[Activity]: Return each entry word for word and skip its pictures.

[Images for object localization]
┌──

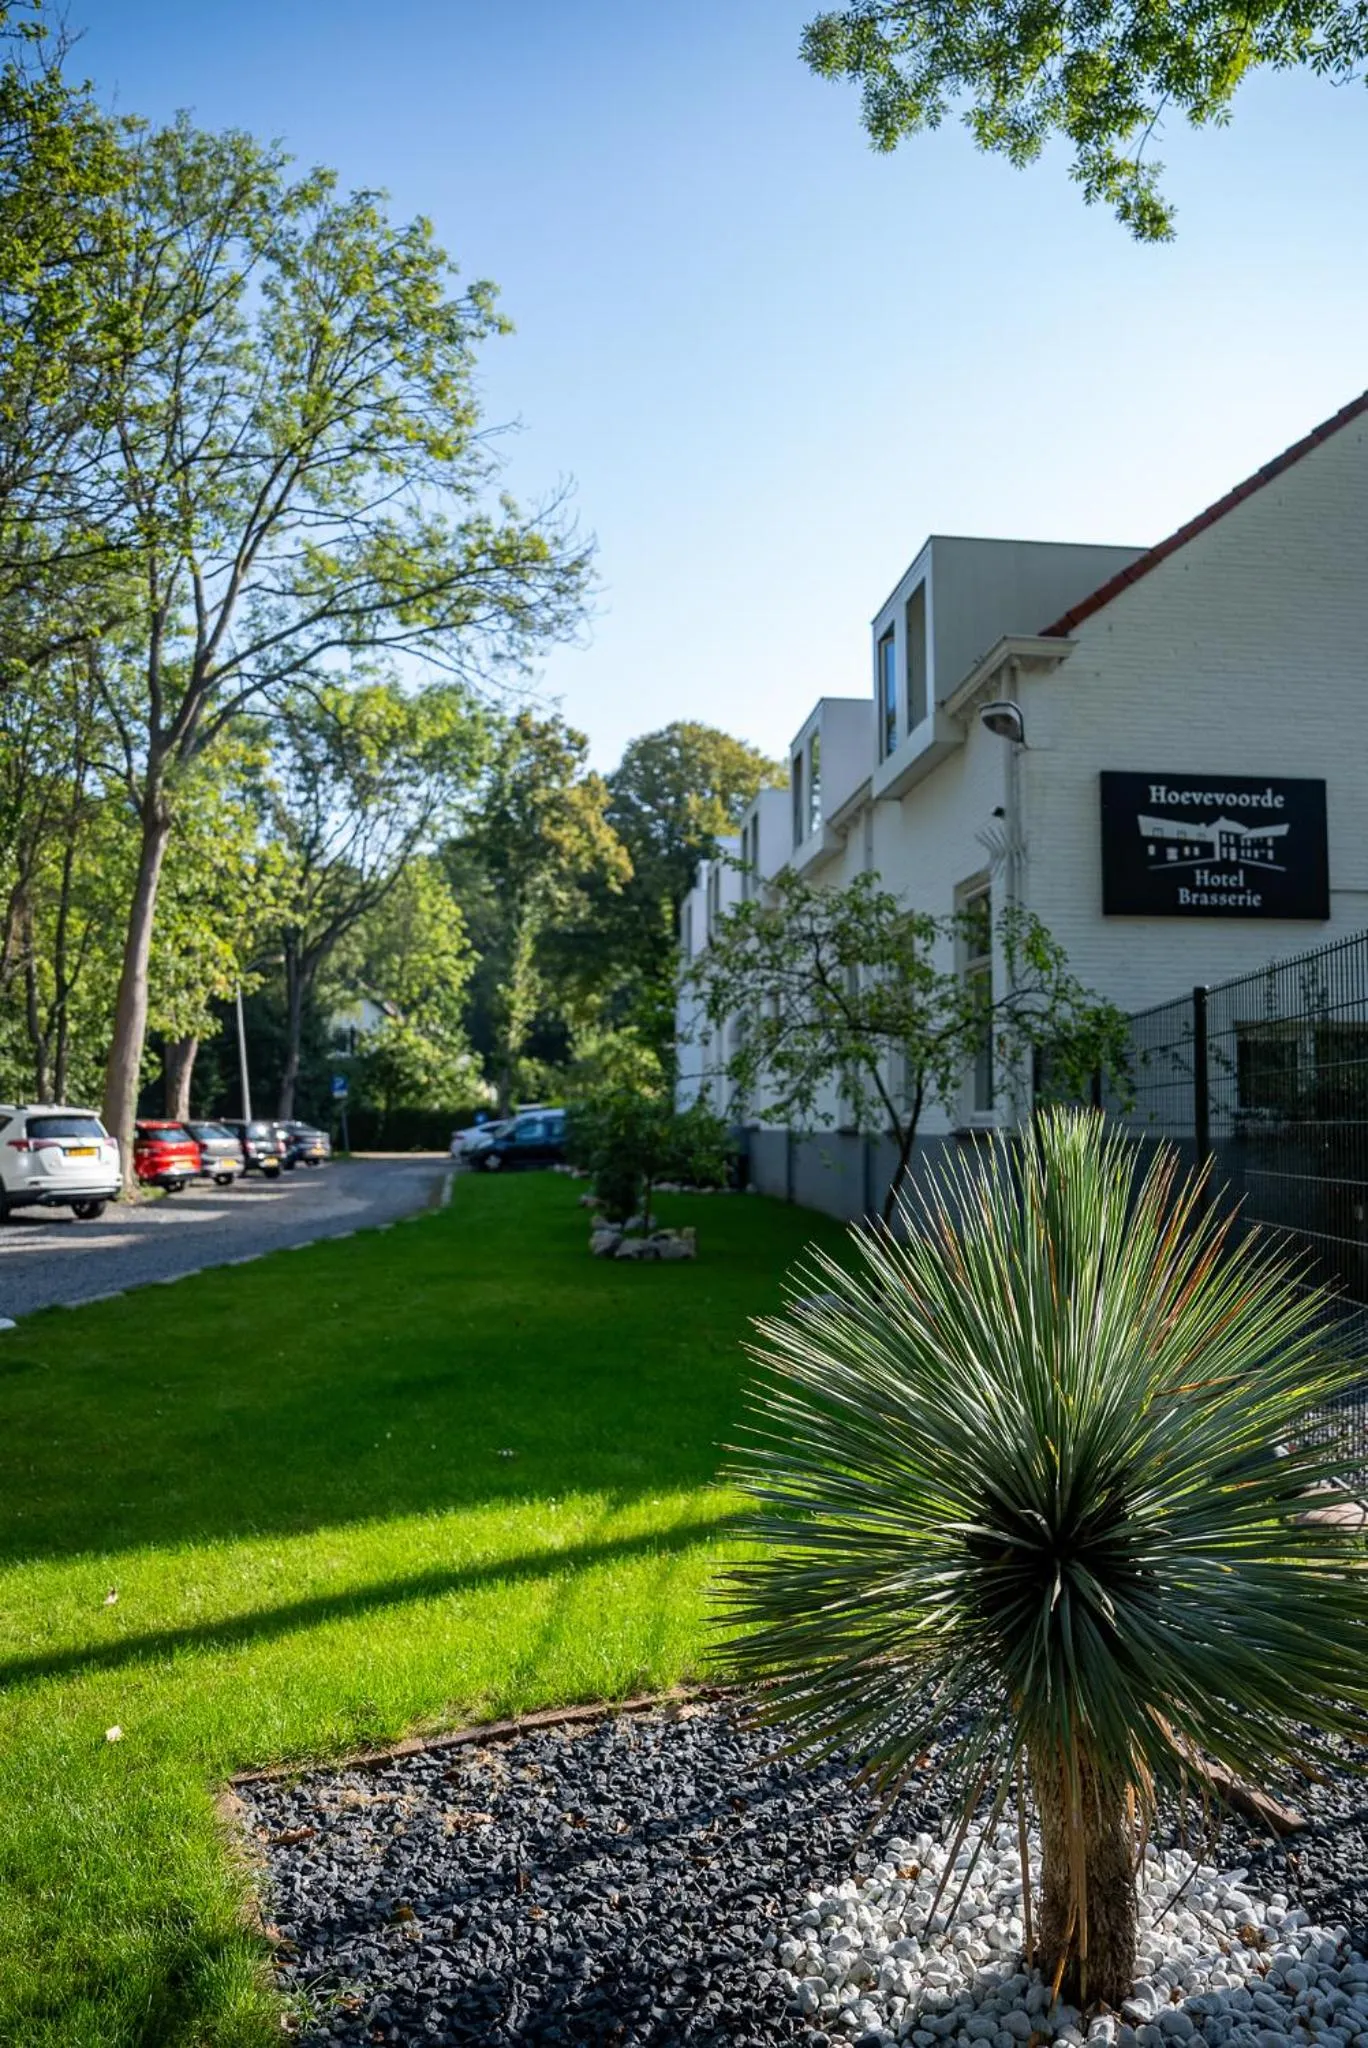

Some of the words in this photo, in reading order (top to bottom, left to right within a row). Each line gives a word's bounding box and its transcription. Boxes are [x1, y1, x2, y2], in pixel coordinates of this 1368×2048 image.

[1149, 785, 1285, 808] Hoevevoorde
[1195, 869, 1245, 887] Hotel
[1178, 888, 1262, 907] Brasserie
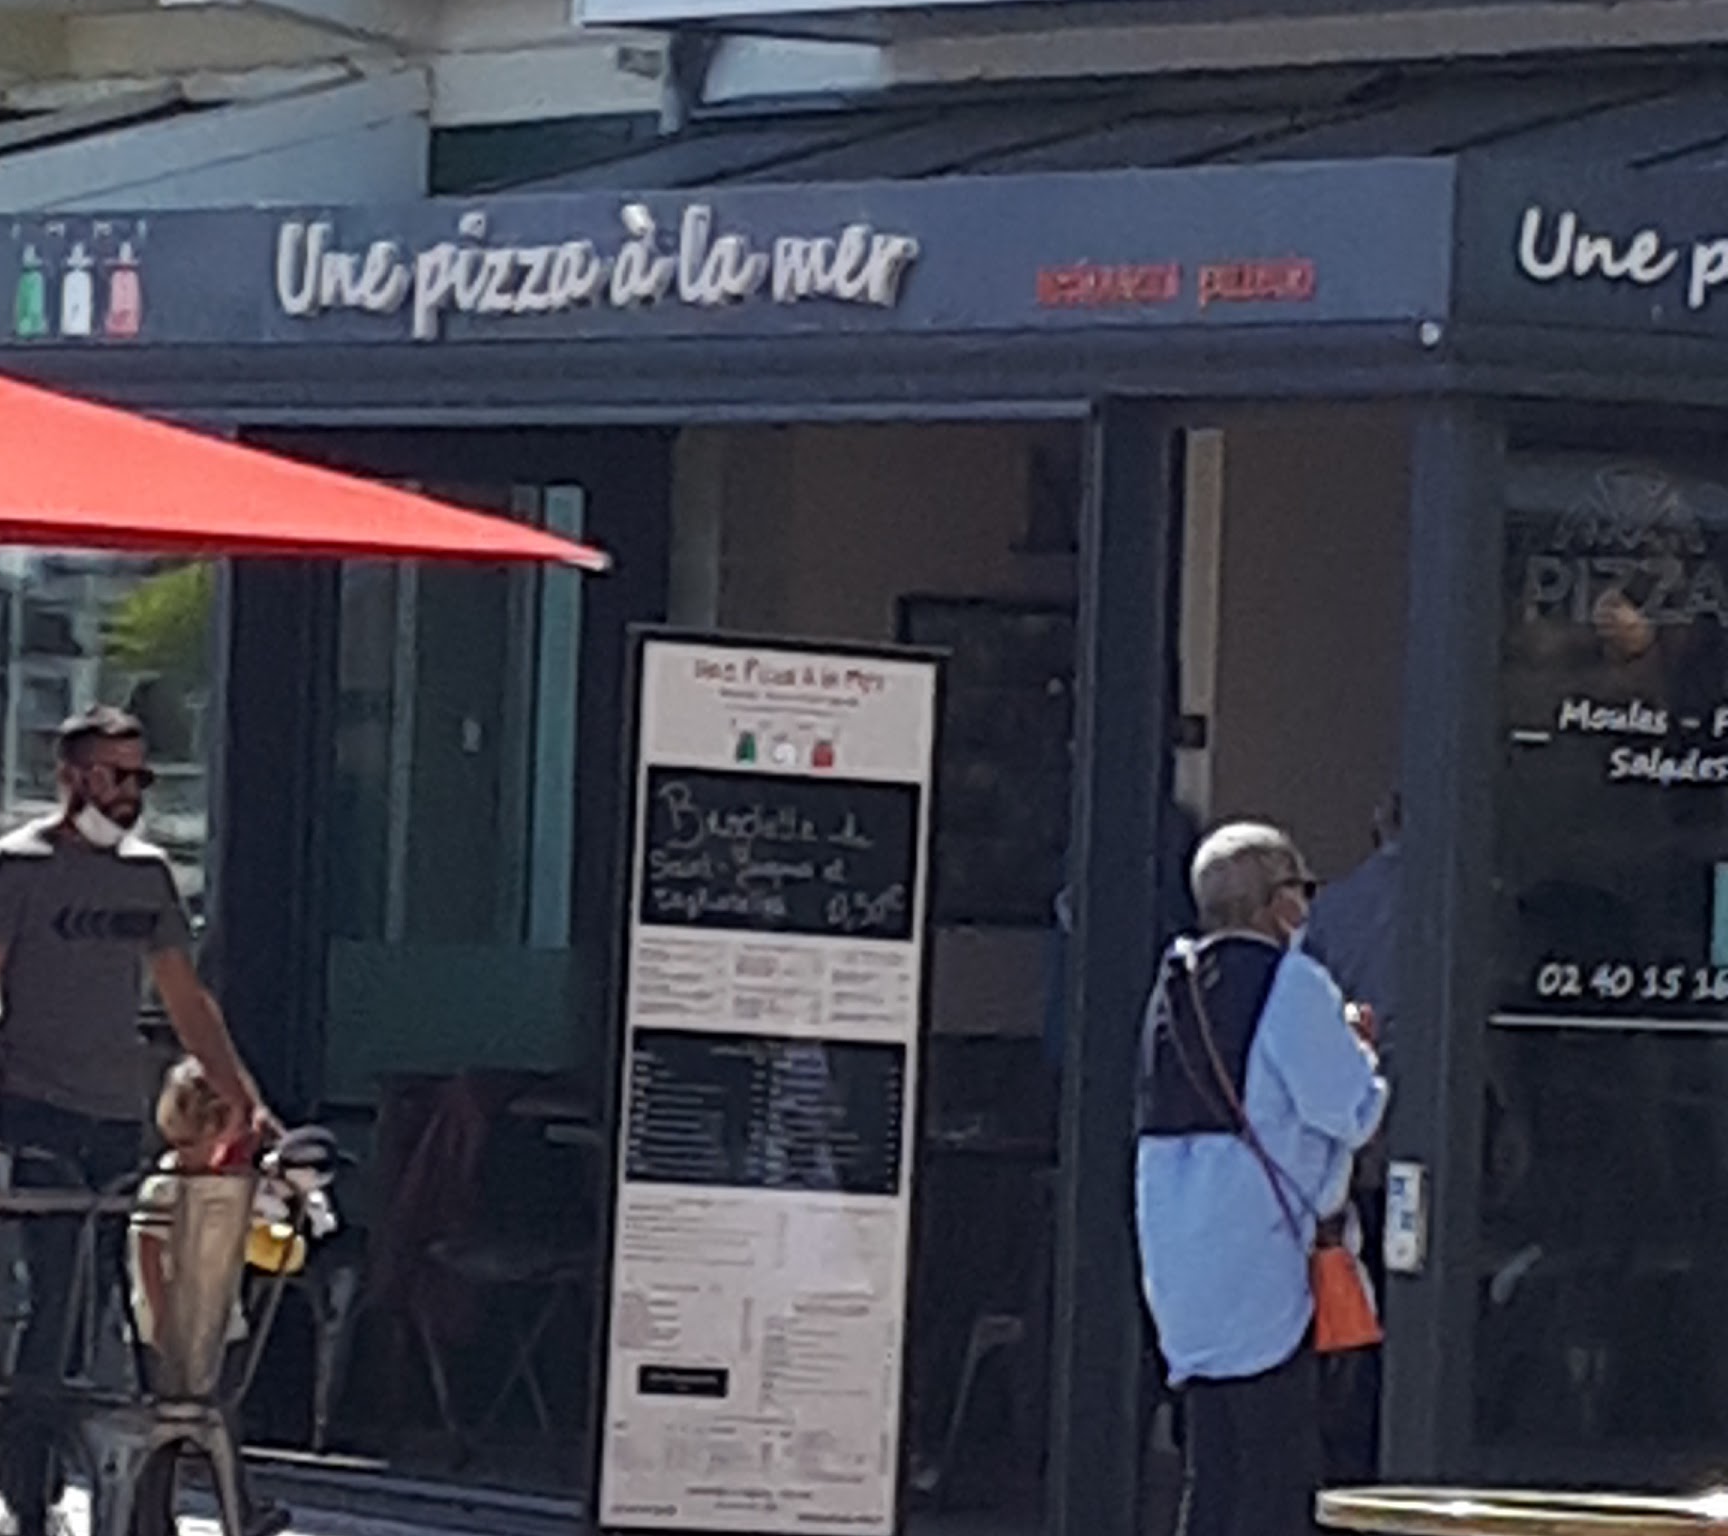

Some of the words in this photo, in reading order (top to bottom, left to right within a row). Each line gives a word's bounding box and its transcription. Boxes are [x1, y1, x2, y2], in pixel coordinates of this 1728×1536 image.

[277, 221, 410, 316] Une
[413, 211, 602, 340] pizza
[610, 203, 671, 306] à
[673, 204, 769, 306] la
[771, 223, 918, 306] mer
[1519, 206, 1679, 282] Une
[1558, 698, 1668, 735] Moules
[1537, 963, 1582, 997] 02
[1589, 964, 1635, 999] 40
[1639, 965, 1685, 999] 15

└──

[Reply]:
Some of the words in this photo, in reading order (top to bottom, left to right within a row). Each line gives a word's bounding box and its transcription. Boxes are [x1, y1, x2, y2], in pixel coordinates of this 1368×2048 image.

[1149, 785, 1285, 808] Hoevevoorde
[1195, 869, 1245, 887] Hotel
[1178, 888, 1262, 907] Brasserie

Some of the words in this photo, in reading order (top to bottom, left to right within a row). Each line gives a word's bounding box and its transcription. Boxes are [x1, y1, x2, y2], in pixel coordinates of this 1728×1536 image.

[277, 221, 410, 316] Une
[413, 211, 602, 340] pizza
[610, 203, 671, 306] à
[673, 204, 769, 306] la
[771, 223, 918, 306] mer
[1519, 206, 1679, 282] Une
[1558, 698, 1668, 735] Moules
[1537, 963, 1582, 997] 02
[1589, 964, 1635, 999] 40
[1639, 965, 1685, 999] 15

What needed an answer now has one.